## [Records from a data collection]
━━━━
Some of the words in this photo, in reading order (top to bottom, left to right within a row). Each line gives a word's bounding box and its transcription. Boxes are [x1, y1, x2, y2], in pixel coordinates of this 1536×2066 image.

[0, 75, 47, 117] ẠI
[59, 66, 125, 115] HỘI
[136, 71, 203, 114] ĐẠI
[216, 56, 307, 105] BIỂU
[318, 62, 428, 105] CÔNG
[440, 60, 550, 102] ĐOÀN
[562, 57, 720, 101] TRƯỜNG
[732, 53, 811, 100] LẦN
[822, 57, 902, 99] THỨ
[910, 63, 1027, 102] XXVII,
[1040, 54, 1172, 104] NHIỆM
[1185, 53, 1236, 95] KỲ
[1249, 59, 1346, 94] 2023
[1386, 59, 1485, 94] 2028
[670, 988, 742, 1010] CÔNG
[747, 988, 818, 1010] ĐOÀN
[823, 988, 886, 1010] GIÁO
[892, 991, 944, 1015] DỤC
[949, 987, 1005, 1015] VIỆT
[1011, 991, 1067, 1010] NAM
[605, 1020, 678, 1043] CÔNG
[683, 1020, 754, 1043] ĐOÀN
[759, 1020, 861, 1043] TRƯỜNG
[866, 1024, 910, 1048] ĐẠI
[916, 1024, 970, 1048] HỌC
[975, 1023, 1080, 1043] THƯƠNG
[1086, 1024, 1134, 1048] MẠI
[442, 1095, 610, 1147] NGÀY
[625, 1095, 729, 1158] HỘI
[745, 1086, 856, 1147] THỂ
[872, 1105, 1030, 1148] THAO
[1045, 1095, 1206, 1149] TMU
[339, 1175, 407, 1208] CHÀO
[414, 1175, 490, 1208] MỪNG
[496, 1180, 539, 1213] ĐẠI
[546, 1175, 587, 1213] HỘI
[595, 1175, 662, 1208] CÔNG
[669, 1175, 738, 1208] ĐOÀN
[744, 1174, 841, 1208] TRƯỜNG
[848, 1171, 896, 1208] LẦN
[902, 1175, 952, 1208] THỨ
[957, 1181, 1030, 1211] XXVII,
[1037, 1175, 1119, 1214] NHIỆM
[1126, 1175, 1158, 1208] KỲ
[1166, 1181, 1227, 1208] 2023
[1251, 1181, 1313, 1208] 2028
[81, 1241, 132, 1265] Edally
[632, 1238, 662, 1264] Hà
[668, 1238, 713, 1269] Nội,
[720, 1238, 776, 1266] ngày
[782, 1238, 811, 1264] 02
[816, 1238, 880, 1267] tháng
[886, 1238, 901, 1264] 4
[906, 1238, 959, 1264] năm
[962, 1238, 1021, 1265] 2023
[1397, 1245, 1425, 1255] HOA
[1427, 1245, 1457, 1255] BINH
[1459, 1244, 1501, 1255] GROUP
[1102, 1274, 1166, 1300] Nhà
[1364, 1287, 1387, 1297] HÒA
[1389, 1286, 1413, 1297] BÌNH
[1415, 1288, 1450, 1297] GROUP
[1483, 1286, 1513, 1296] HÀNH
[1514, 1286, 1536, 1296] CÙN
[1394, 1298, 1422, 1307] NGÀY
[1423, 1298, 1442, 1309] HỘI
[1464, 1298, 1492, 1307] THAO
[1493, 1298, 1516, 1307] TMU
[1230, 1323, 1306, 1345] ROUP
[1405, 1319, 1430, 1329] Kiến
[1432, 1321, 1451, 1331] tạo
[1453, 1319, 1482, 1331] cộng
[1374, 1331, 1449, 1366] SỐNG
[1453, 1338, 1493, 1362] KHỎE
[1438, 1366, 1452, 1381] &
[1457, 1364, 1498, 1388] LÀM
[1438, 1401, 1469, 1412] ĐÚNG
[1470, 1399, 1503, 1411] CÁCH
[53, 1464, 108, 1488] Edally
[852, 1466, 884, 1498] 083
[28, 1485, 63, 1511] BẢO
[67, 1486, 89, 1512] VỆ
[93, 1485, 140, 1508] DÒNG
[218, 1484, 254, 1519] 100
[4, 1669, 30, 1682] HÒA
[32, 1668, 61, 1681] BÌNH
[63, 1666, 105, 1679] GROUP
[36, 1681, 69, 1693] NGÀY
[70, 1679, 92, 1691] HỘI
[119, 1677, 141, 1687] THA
━━━━
## [What needs to be done]
Would you repeat the records above without any changes?

## [Response to the task]
Some of the words in this photo, in reading order (top to bottom, left to right within a row). Each line gives a word's bounding box and its transcription. Boxes are [x1, y1, x2, y2], in pixel coordinates of this 1536×2066 image.

[0, 75, 47, 117] ẠI
[59, 66, 125, 115] HỘI
[136, 71, 203, 114] ĐẠI
[216, 56, 307, 105] BIỂU
[318, 62, 428, 105] CÔNG
[440, 60, 550, 102] ĐOÀN
[562, 57, 720, 101] TRƯỜNG
[732, 53, 811, 100] LẦN
[822, 57, 902, 99] THỨ
[910, 63, 1027, 102] XXVII,
[1040, 54, 1172, 104] NHIỆM
[1185, 53, 1236, 95] KỲ
[1249, 59, 1346, 94] 2023
[1386, 59, 1485, 94] 2028
[670, 988, 742, 1010] CÔNG
[747, 988, 818, 1010] ĐOÀN
[823, 988, 886, 1010] GIÁO
[892, 991, 944, 1015] DỤC
[949, 987, 1005, 1015] VIỆT
[1011, 991, 1067, 1010] NAM
[605, 1020, 678, 1043] CÔNG
[683, 1020, 754, 1043] ĐOÀN
[759, 1020, 861, 1043] TRƯỜNG
[866, 1024, 910, 1048] ĐẠI
[916, 1024, 970, 1048] HỌC
[975, 1023, 1080, 1043] THƯƠNG
[1086, 1024, 1134, 1048] MẠI
[442, 1095, 610, 1147] NGÀY
[625, 1095, 729, 1158] HỘI
[745, 1086, 856, 1147] THỂ
[872, 1105, 1030, 1148] THAO
[1045, 1095, 1206, 1149] TMU
[339, 1175, 407, 1208] CHÀO
[414, 1175, 490, 1208] MỪNG
[496, 1180, 539, 1213] ĐẠI
[546, 1175, 587, 1213] HỘI
[595, 1175, 662, 1208] CÔNG
[669, 1175, 738, 1208] ĐOÀN
[744, 1174, 841, 1208] TRƯỜNG
[848, 1171, 896, 1208] LẦN
[902, 1175, 952, 1208] THỨ
[957, 1181, 1030, 1211] XXVII,
[1037, 1175, 1119, 1214] NHIỆM
[1126, 1175, 1158, 1208] KỲ
[1166, 1181, 1227, 1208] 2023
[1251, 1181, 1313, 1208] 2028
[81, 1241, 132, 1265] Edally
[632, 1238, 662, 1264] Hà
[668, 1238, 713, 1269] Nội,
[720, 1238, 776, 1266] ngày
[782, 1238, 811, 1264] 02
[816, 1238, 880, 1267] tháng
[886, 1238, 901, 1264] 4
[906, 1238, 959, 1264] năm
[962, 1238, 1021, 1265] 2023
[1397, 1245, 1425, 1255] HOA
[1427, 1245, 1457, 1255] BINH
[1459, 1244, 1501, 1255] GROUP
[1102, 1274, 1166, 1300] Nhà
[1364, 1287, 1387, 1297] HÒA
[1389, 1286, 1413, 1297] BÌNH
[1415, 1288, 1450, 1297] GROUP
[1483, 1286, 1513, 1296] HÀNH
[1514, 1286, 1536, 1296] CÙN
[1394, 1298, 1422, 1307] NGÀY
[1423, 1298, 1442, 1309] HỘI
[1464, 1298, 1492, 1307] THAO
[1493, 1298, 1516, 1307] TMU
[1230, 1323, 1306, 1345] ROUP
[1405, 1319, 1430, 1329] Kiến
[1432, 1321, 1451, 1331] tạo
[1453, 1319, 1482, 1331] cộng
[1374, 1331, 1449, 1366] SỐNG
[1453, 1338, 1493, 1362] KHỎE
[1438, 1366, 1452, 1381] &
[1457, 1364, 1498, 1388] LÀM
[1438, 1401, 1469, 1412] ĐÚNG
[1470, 1399, 1503, 1411] CÁCH
[53, 1464, 108, 1488] Edally
[852, 1466, 884, 1498] 083
[28, 1485, 63, 1511] BẢO
[67, 1486, 89, 1512] VỆ
[93, 1485, 140, 1508] DÒNG
[218, 1484, 254, 1519] 100
[4, 1669, 30, 1682] HÒA
[32, 1668, 61, 1681] BÌNH
[63, 1666, 105, 1679] GROUP
[36, 1681, 69, 1693] NGÀY
[70, 1679, 92, 1691] HỘI
[119, 1677, 141, 1687] THA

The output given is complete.